* [Data shown]
· · ·

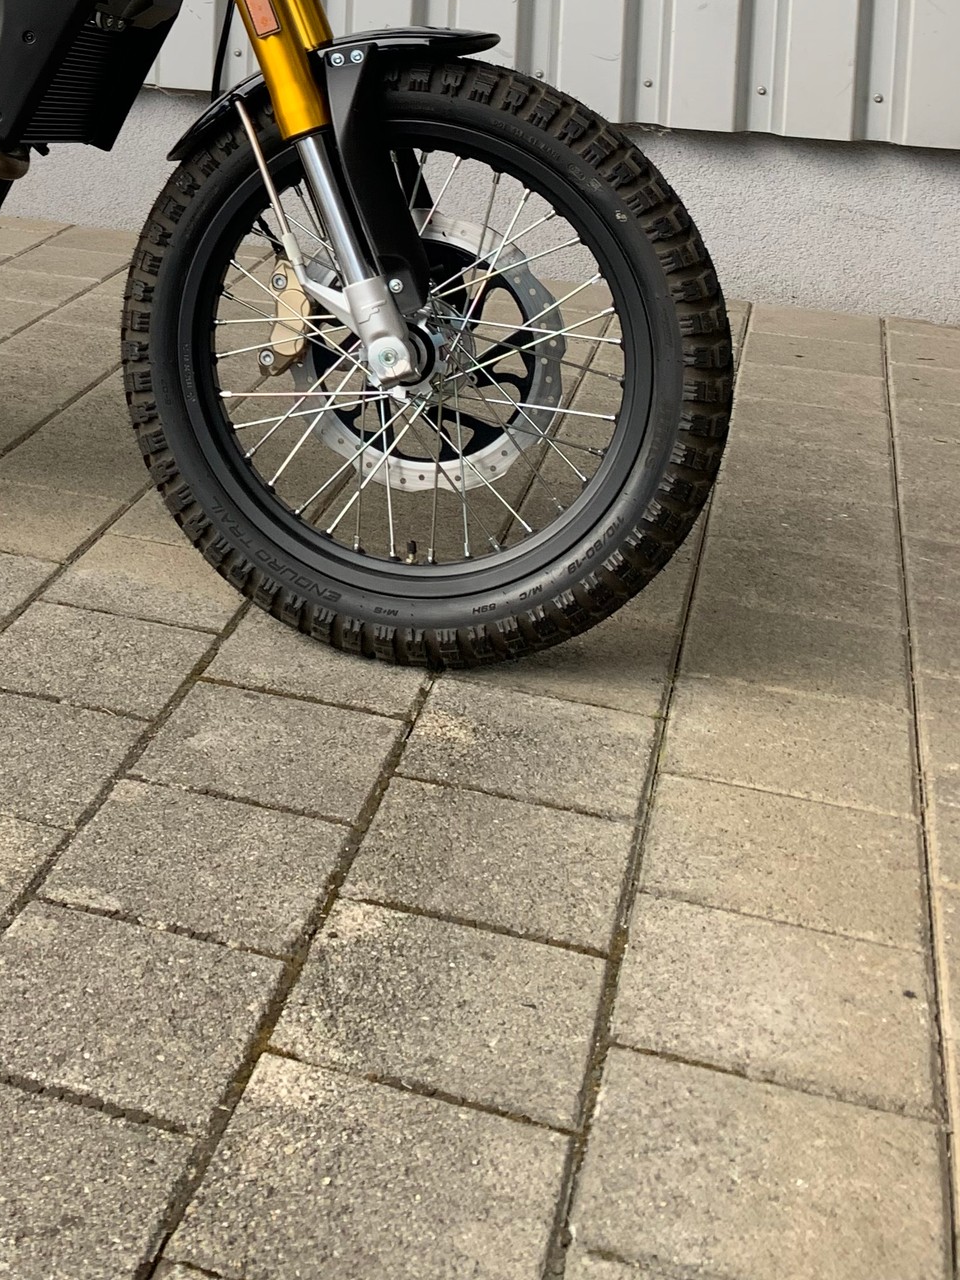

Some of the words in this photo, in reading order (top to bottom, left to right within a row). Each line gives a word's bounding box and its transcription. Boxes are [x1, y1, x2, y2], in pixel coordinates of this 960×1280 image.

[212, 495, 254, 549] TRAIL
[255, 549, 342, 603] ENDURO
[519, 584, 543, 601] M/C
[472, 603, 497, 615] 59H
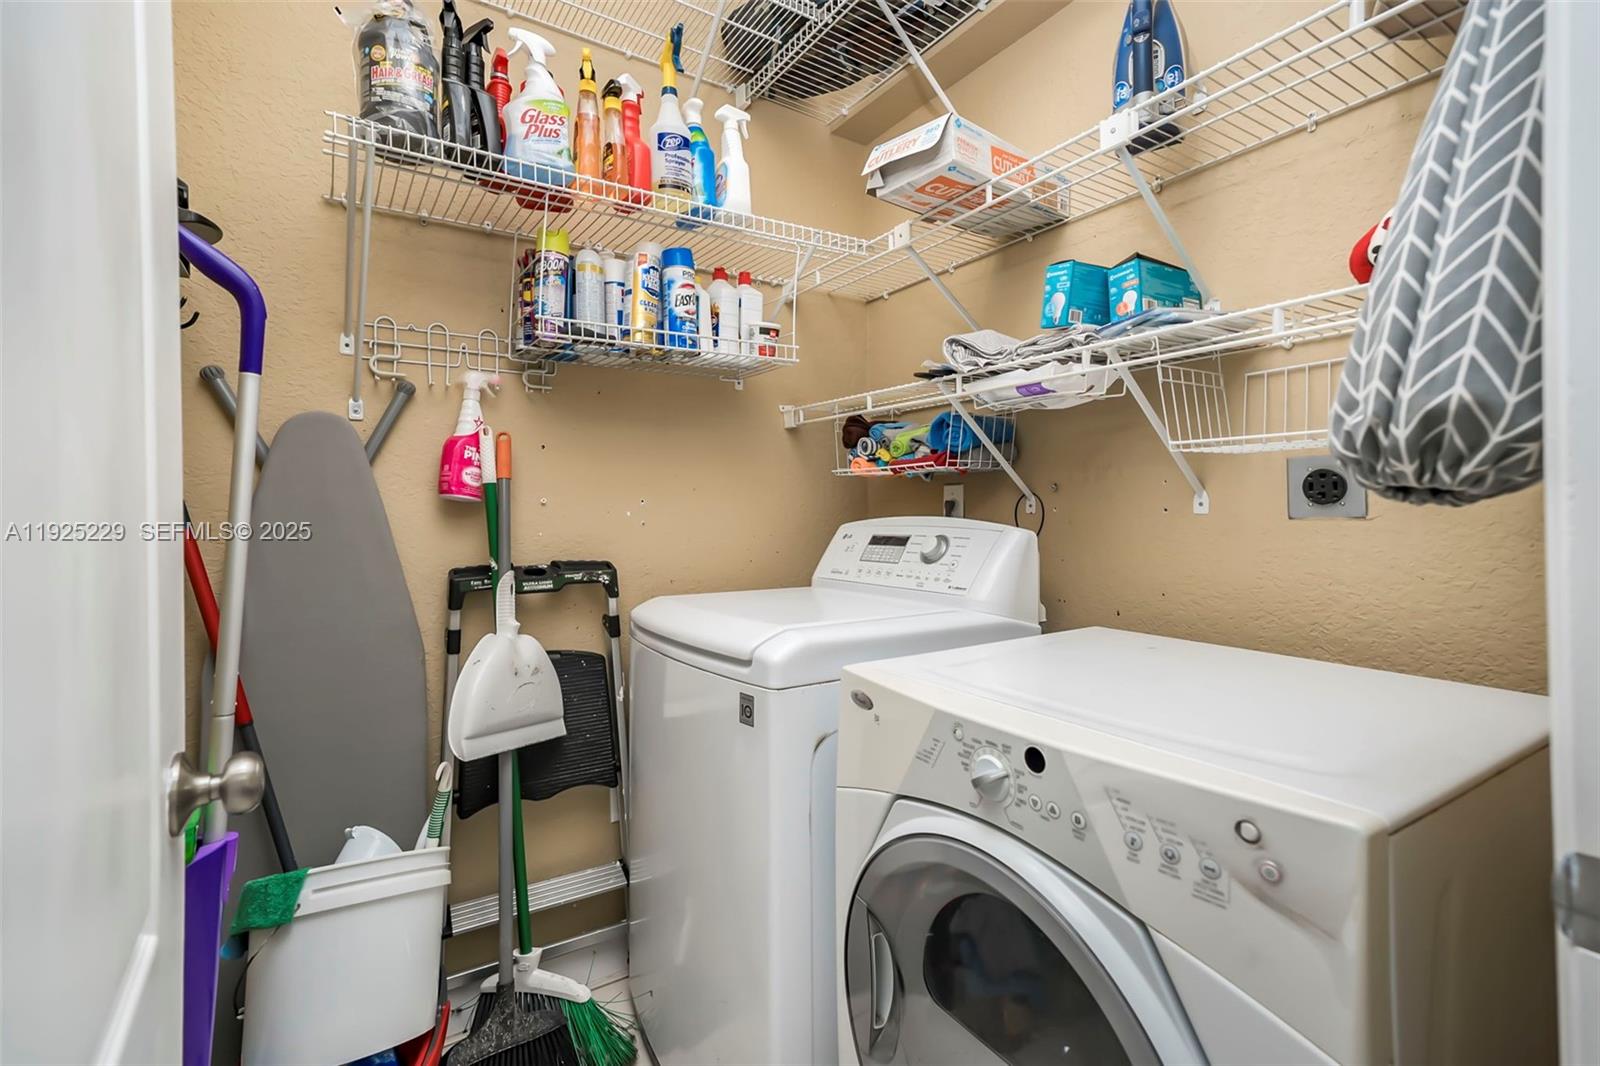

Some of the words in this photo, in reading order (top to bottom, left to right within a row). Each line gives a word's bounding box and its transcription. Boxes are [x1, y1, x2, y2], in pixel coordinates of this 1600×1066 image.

· · ·

* [Assigned task] Using the records above, output their complete text exactly, minus any images.

* [Exercise output]
Some of the words in this photo, in reading order (top to bottom, left to right within a row). Each line gives a word's bounding box and its transcription. Boxes are [x1, y1, x2, y2], in pixel coordinates of this 960×1280 image.

[212, 495, 254, 549] TRAIL
[255, 549, 342, 603] ENDURO
[519, 584, 543, 601] M/C
[472, 603, 497, 615] 59H

Some of the words in this photo, in reading order (top to bottom, left to right within a row). Each line gives a word's bounding box and its transcription. Boxes are [x1, y1, x2, y2], in pixel coordinates of this 1600×1066 image.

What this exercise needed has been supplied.